# WHAT YOU SHOULD DO:
An exact copy of all the data below is needed, without its pictures.

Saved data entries
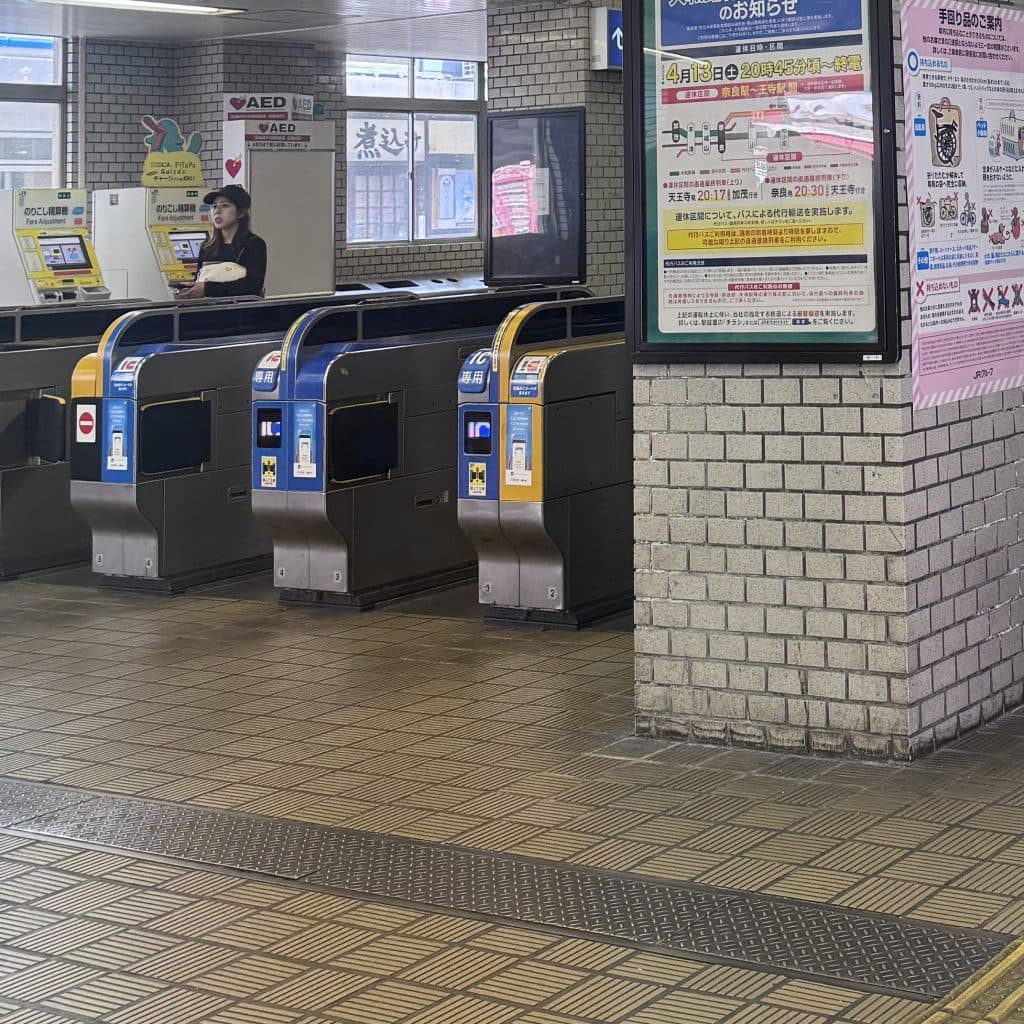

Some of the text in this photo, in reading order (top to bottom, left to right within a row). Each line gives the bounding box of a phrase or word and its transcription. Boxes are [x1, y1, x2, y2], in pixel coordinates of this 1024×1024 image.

[939, 8, 1002, 32] 手回り品のご案内
[246, 96, 287, 108] AED
[299, 98, 312, 110] AED
[270, 123, 296, 133] AED
[697, 189, 726, 202] 20:17
[795, 184, 824, 197] 20:30
[470, 351, 491, 365] IC
[255, 370, 273, 384] 専用
[462, 370, 484, 384] 専用
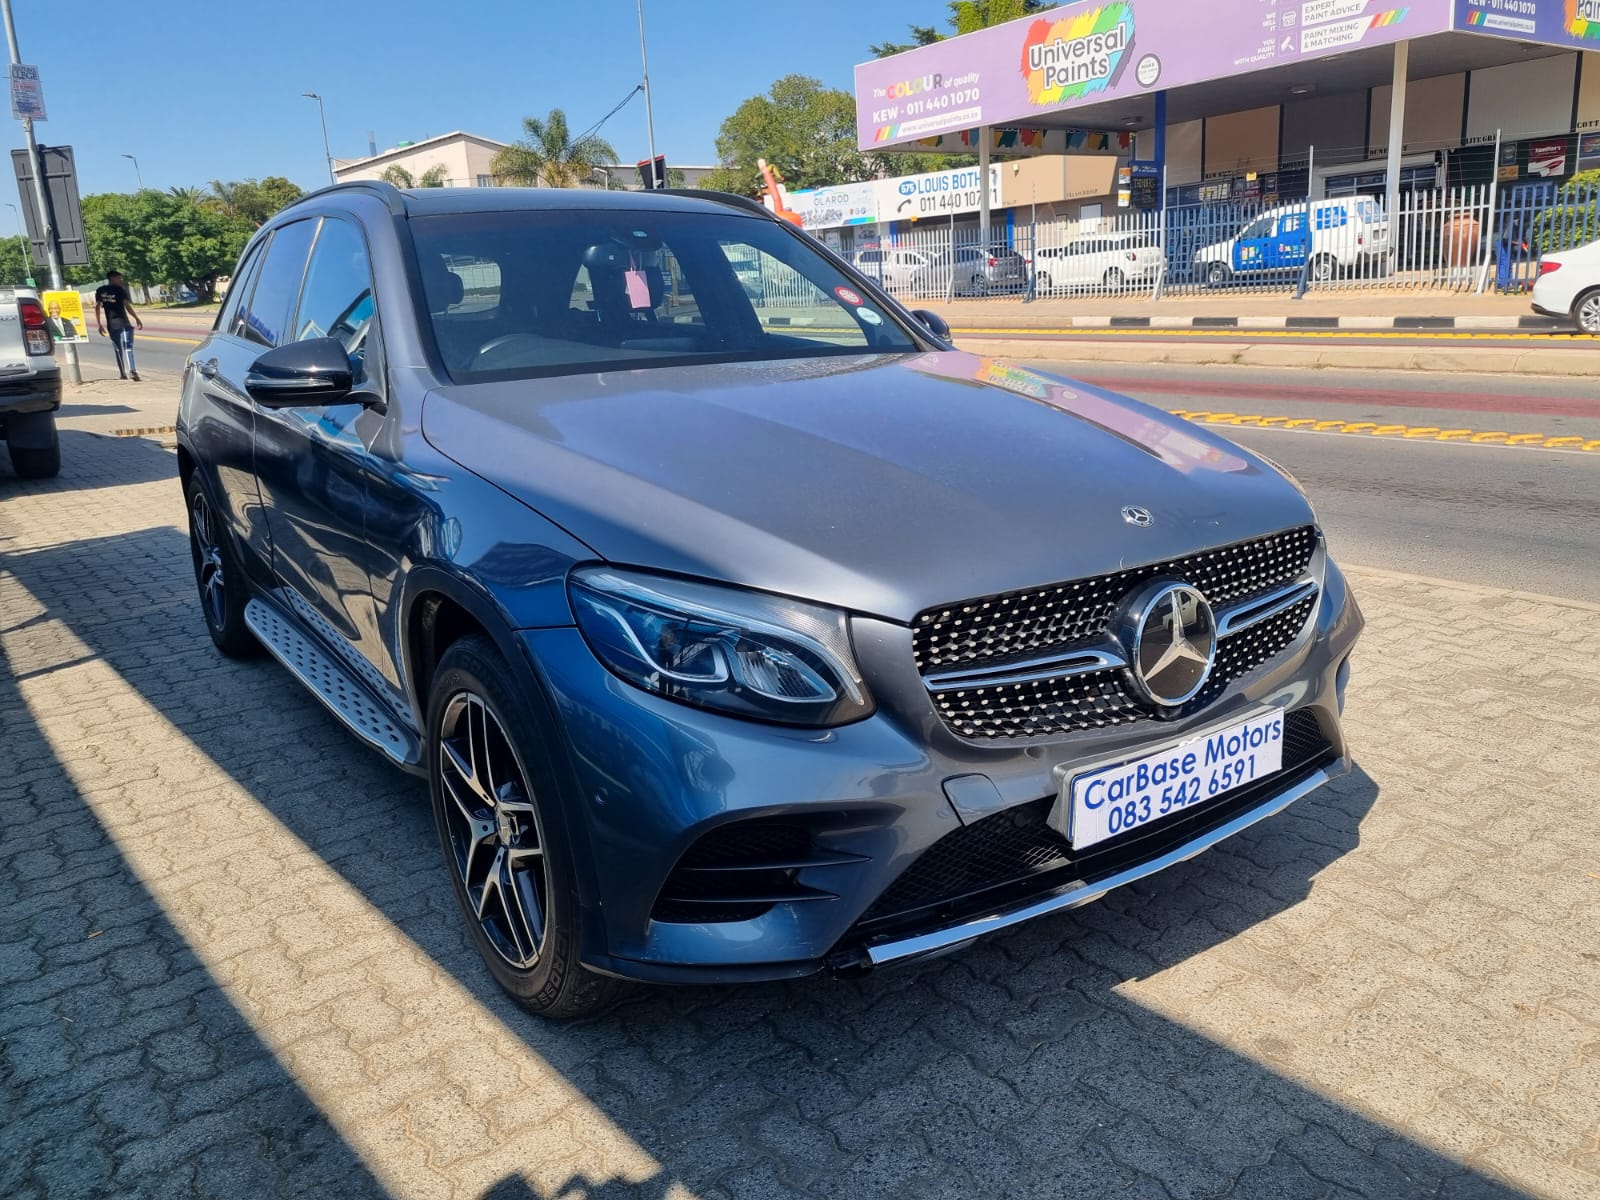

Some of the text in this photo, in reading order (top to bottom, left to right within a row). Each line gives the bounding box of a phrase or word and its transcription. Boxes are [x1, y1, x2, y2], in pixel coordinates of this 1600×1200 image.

[1304, 0, 1336, 14] EXPERT
[1304, 3, 1361, 22] PAINT ADVICE
[1504, 0, 1519, 12] 440
[1518, 3, 1536, 15] 1070
[1303, 22, 1359, 40] PAINT MIXING
[1310, 32, 1353, 48] MATCHING
[1030, 25, 1124, 68] Universal
[1262, 39, 1275, 47] YOU
[1249, 52, 1275, 63] QUALITY
[1046, 56, 1108, 87] Paints
[873, 71, 981, 100] The COLOUR of quality
[872, 106, 898, 124] KEW
[906, 99, 924, 115] 011
[925, 94, 948, 111] 440
[949, 87, 980, 106] 1070
[901, 171, 982, 195] 575 LOUIS BOTH
[920, 195, 936, 212] 011
[939, 193, 961, 210] 440
[1084, 718, 1282, 810] CarBase Motors
[1107, 754, 1256, 834] 083 542 6591
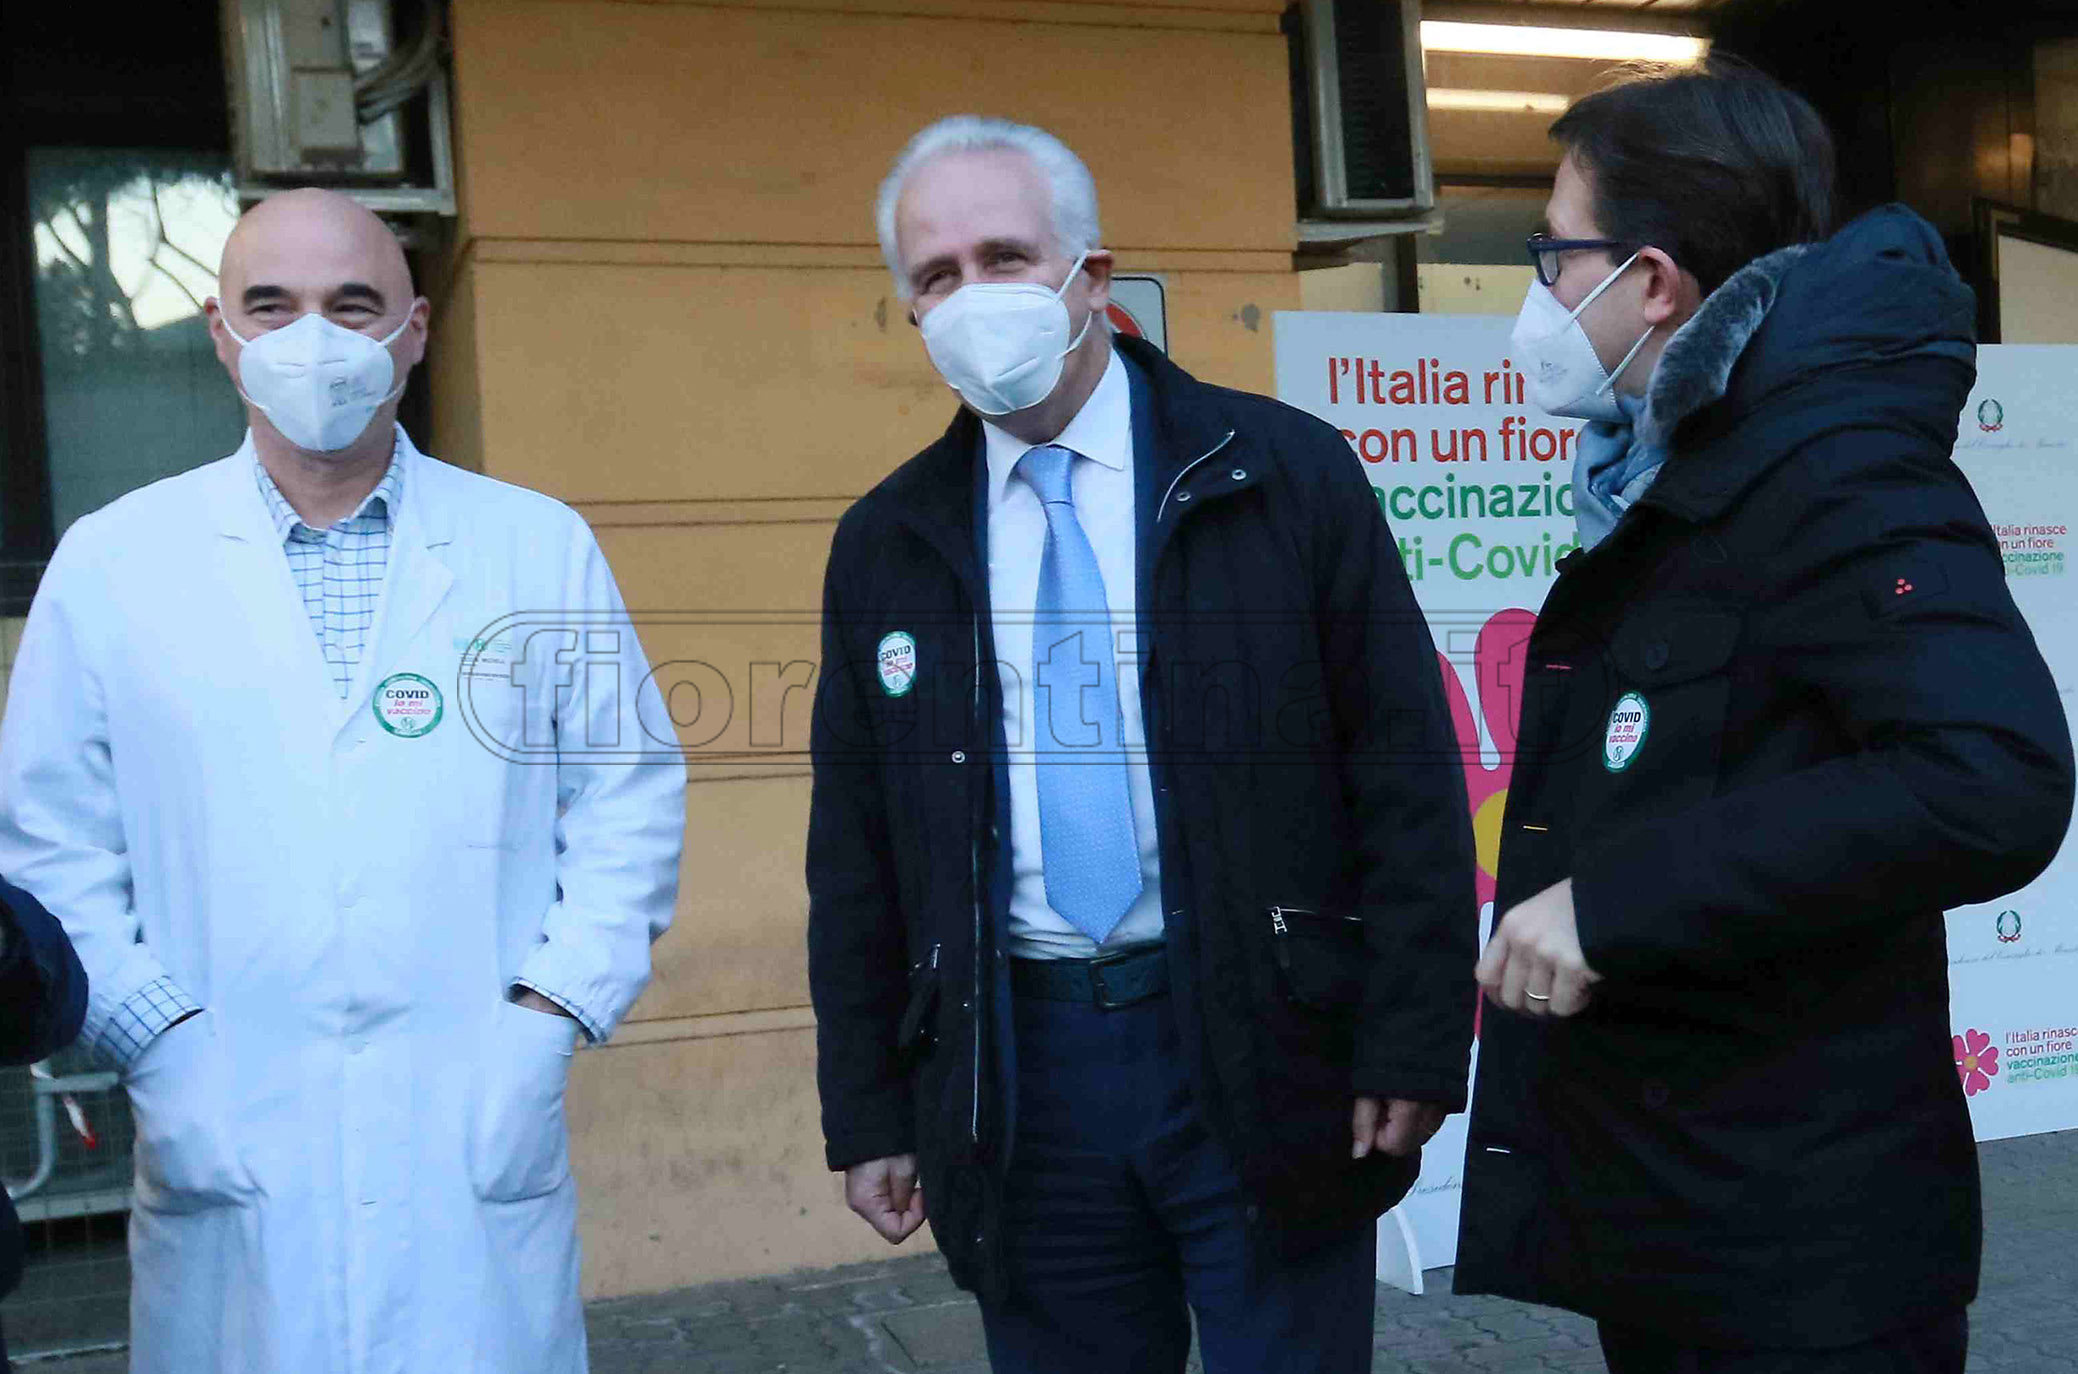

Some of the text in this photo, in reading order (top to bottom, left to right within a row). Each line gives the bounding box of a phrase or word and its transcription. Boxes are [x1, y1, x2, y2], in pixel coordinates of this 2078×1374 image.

[1328, 357, 1470, 405] l'Italia
[1430, 428, 1487, 462] un
[1498, 416, 1581, 462] fior
[2023, 523, 2067, 535] rinasce
[2011, 540, 2026, 549] un
[2029, 536, 2054, 548] fiore
[385, 689, 429, 699] COVID
[1613, 711, 1641, 723] COVID
[2006, 1040, 2073, 1058] con un fiore

# ANSWER SPACE:
Some of the text in this photo, in reading order (top to bottom, left to right within a row). Each line gives the bounding box of a phrase or word and its transcription. Boxes are [x1, y1, x2, y2], in pixel coordinates of this 1024×1024 image.

[939, 8, 1002, 32] 手回り品のご案内
[246, 96, 287, 108] AED
[299, 98, 312, 110] AED
[270, 123, 296, 133] AED
[697, 189, 726, 202] 20:17
[795, 184, 824, 197] 20:30
[470, 351, 491, 365] IC
[255, 370, 273, 384] 専用
[462, 370, 484, 384] 専用

Some of the text in this photo, in reading order (top to bottom, left to right within a row). Each line gives the bounding box of a phrase or word and its transcription. Boxes are [x1, y1, x2, y2], in pixel coordinates of this 1600×1200 image.

[1304, 0, 1336, 14] EXPERT
[1304, 3, 1361, 22] PAINT ADVICE
[1504, 0, 1519, 12] 440
[1518, 3, 1536, 15] 1070
[1303, 22, 1359, 40] PAINT MIXING
[1310, 32, 1353, 48] MATCHING
[1030, 25, 1124, 68] Universal
[1262, 39, 1275, 47] YOU
[1249, 52, 1275, 63] QUALITY
[1046, 56, 1108, 87] Paints
[873, 71, 981, 100] The COLOUR of quality
[872, 106, 898, 124] KEW
[906, 99, 924, 115] 011
[925, 94, 948, 111] 440
[949, 87, 980, 106] 1070
[901, 171, 982, 195] 575 LOUIS BOTH
[920, 195, 936, 212] 011
[939, 193, 961, 210] 440
[1084, 718, 1282, 810] CarBase Motors
[1107, 754, 1256, 834] 083 542 6591

Some of the text in this photo, in reading order (top to bottom, left to right within a row). Each line gives the bounding box of a phrase or word and its transcription. Boxes are [x1, y1, x2, y2], in pixel coordinates of this 2078×1374 image.

[1328, 357, 1470, 405] l'Italia
[1430, 428, 1487, 462] un
[1498, 416, 1581, 462] fior
[2023, 523, 2067, 535] rinasce
[2011, 540, 2026, 549] un
[2029, 536, 2054, 548] fiore
[385, 689, 429, 699] COVID
[1613, 711, 1641, 723] COVID
[2006, 1040, 2073, 1058] con un fiore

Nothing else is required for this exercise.